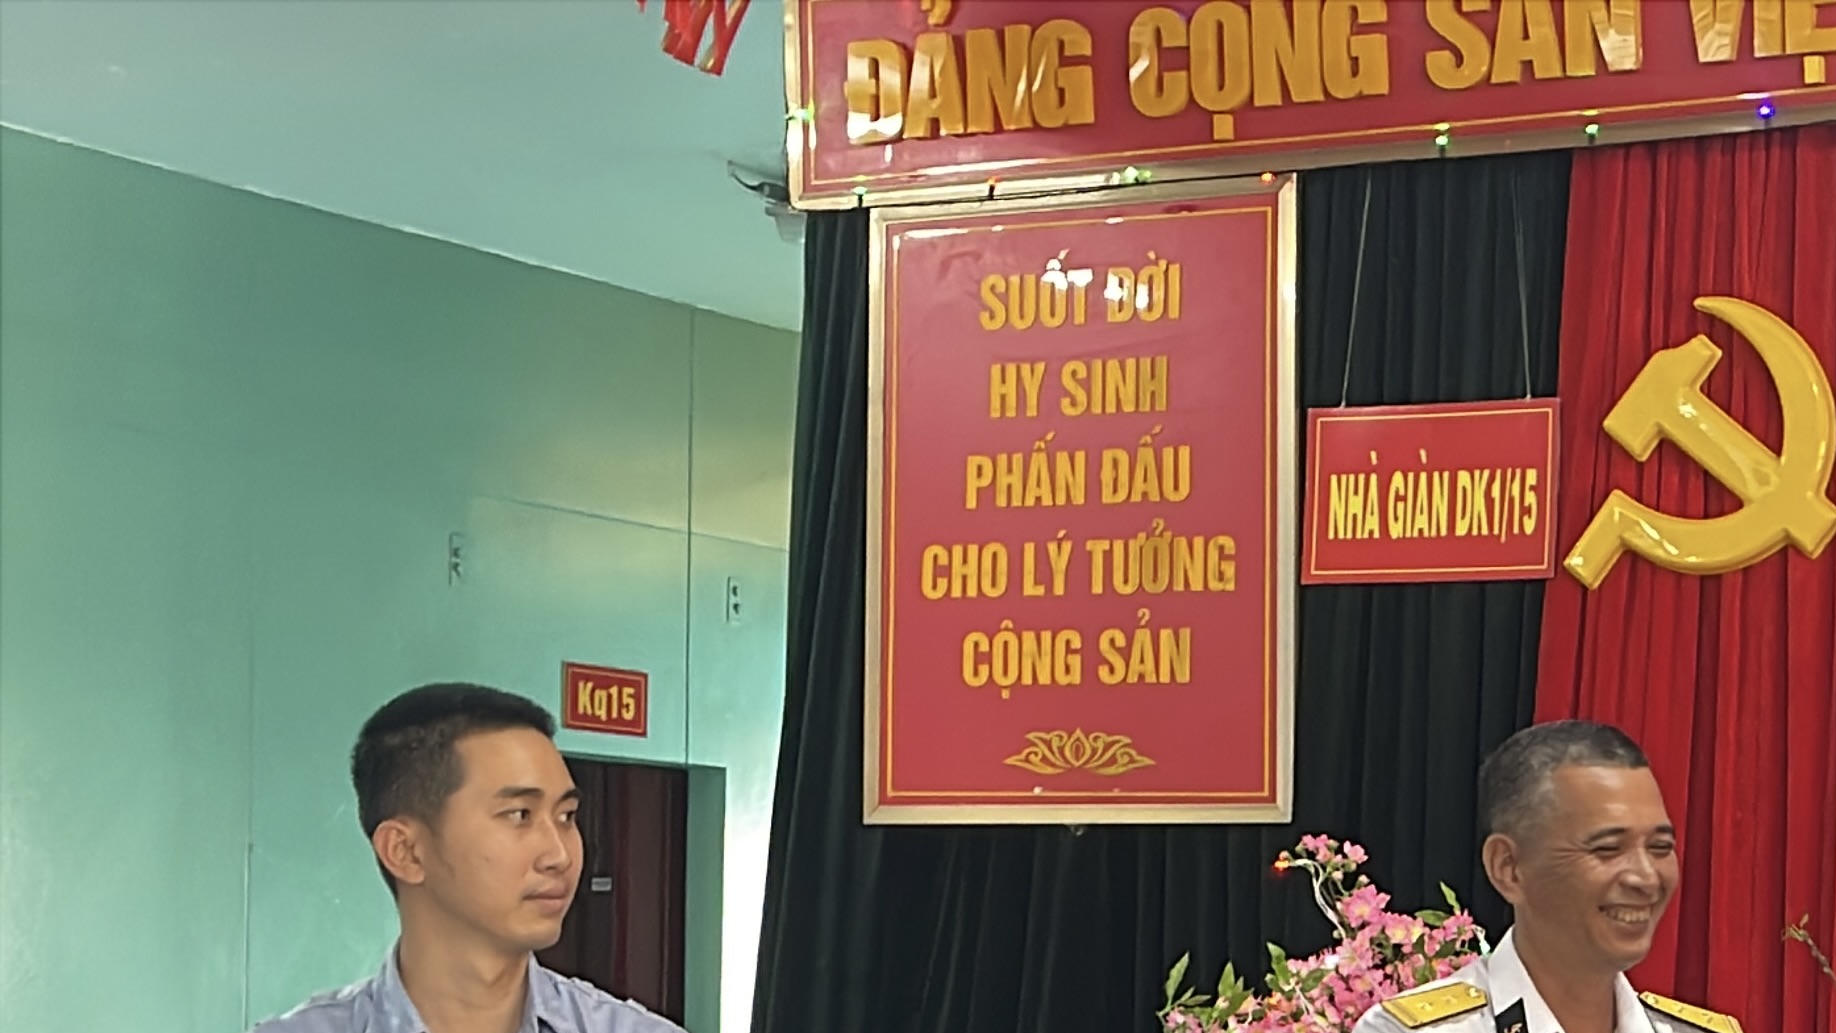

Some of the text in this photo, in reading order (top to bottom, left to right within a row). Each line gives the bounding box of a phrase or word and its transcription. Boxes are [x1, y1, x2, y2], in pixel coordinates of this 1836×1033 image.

[979, 249, 1092, 331] SUỐT
[989, 355, 1169, 419] HY SINH
[965, 426, 1192, 510] PHẤN ĐẤU
[1327, 448, 1539, 544] NHÀ GIÀN DK1/15
[921, 517, 1236, 599] CHO LÝ TƯỞNG
[961, 609, 1192, 700] CỘNG SẢN
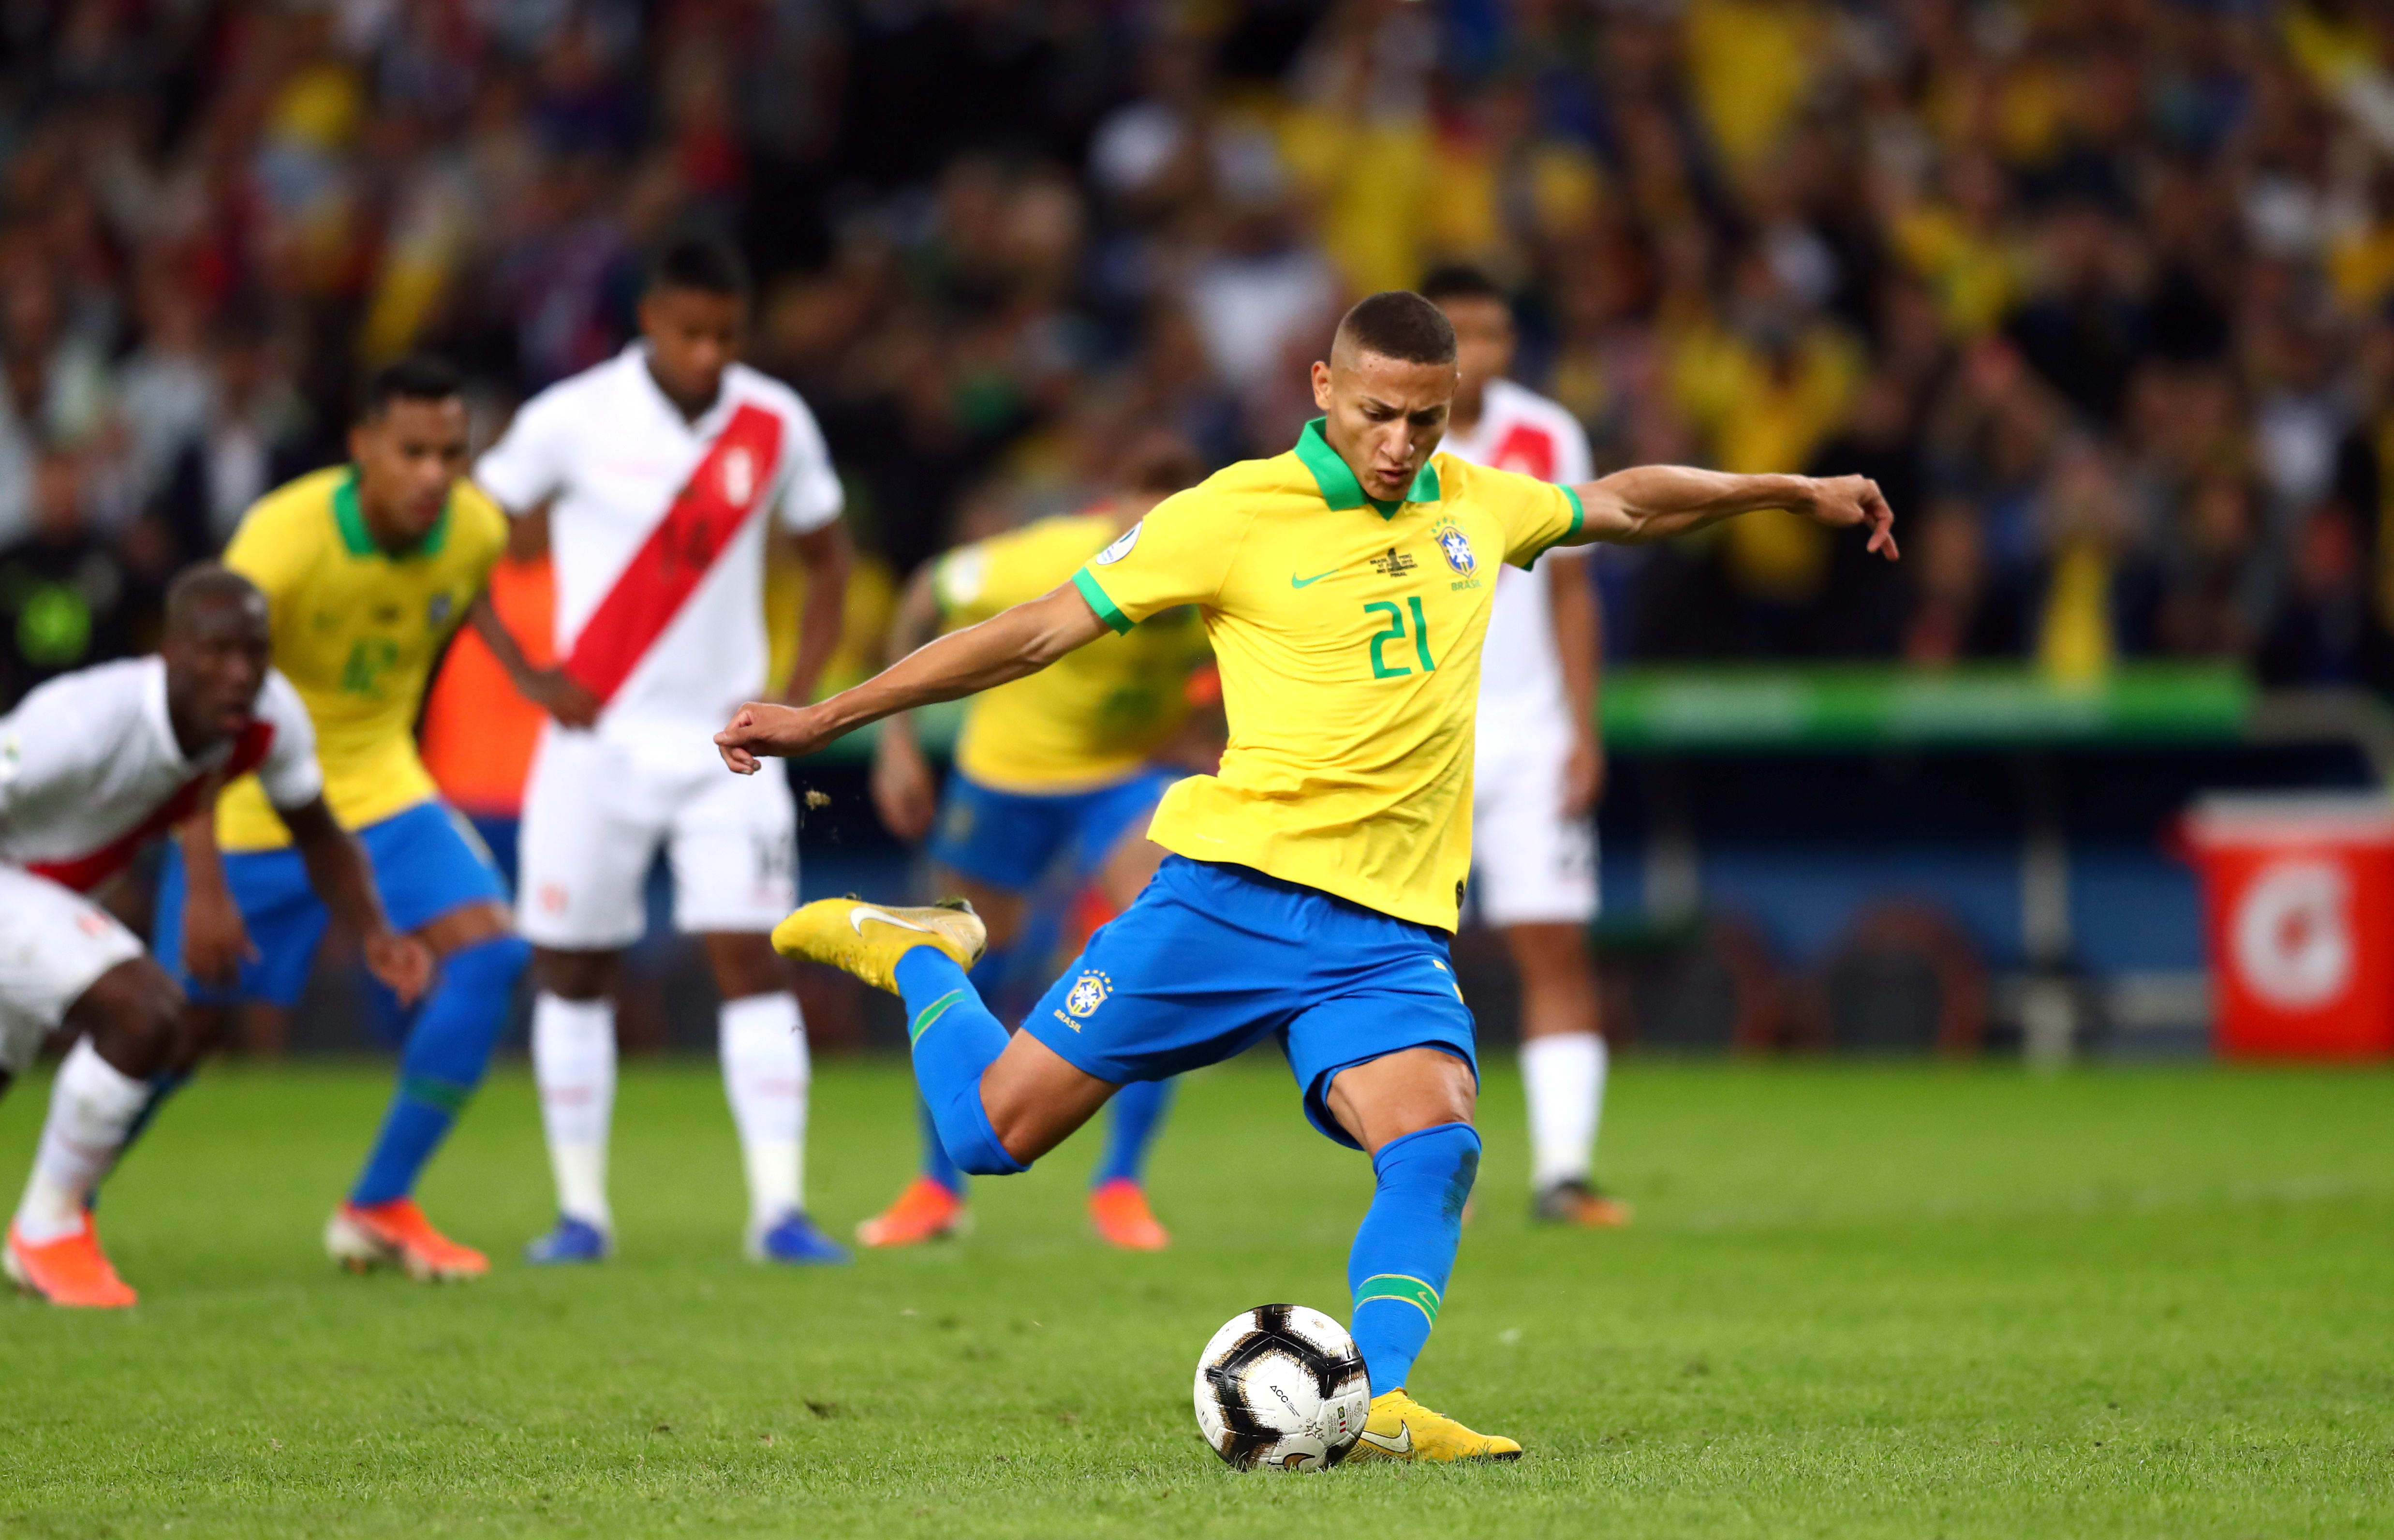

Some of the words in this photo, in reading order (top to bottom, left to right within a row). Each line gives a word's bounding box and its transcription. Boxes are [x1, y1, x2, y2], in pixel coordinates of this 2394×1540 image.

[1451, 579, 1482, 591] BRASIL
[1364, 596, 1435, 679] 21
[1053, 1009, 1082, 1033] BRASIL

══════════════════════════════

Brief: Down to the last line, print the material exactly, but not its pictures.

Answer box:
Some of the text in this photo, in reading order (top to bottom, left to right within a row). Each line gives the bounding box of a phrase or word and its transcription. Boxes are [x1, y1, x2, y2], in pixel coordinates of this 1836×1033 image.

[979, 249, 1092, 331] SUỐT
[989, 355, 1169, 419] HY SINH
[965, 426, 1192, 510] PHẤN ĐẤU
[1327, 448, 1539, 544] NHÀ GIÀN DK1/15
[921, 517, 1236, 599] CHO LÝ TƯỞNG
[961, 609, 1192, 700] CỘNG SẢN

Some of the words in this photo, in reading order (top to bottom, left to right within a row). Each line gives a word's bounding box and its transcription. Boxes are [x1, y1, x2, y2], in pixel coordinates of this 2394×1540 image.

[1451, 579, 1482, 591] BRASIL
[1364, 596, 1435, 679] 21
[1053, 1009, 1082, 1033] BRASIL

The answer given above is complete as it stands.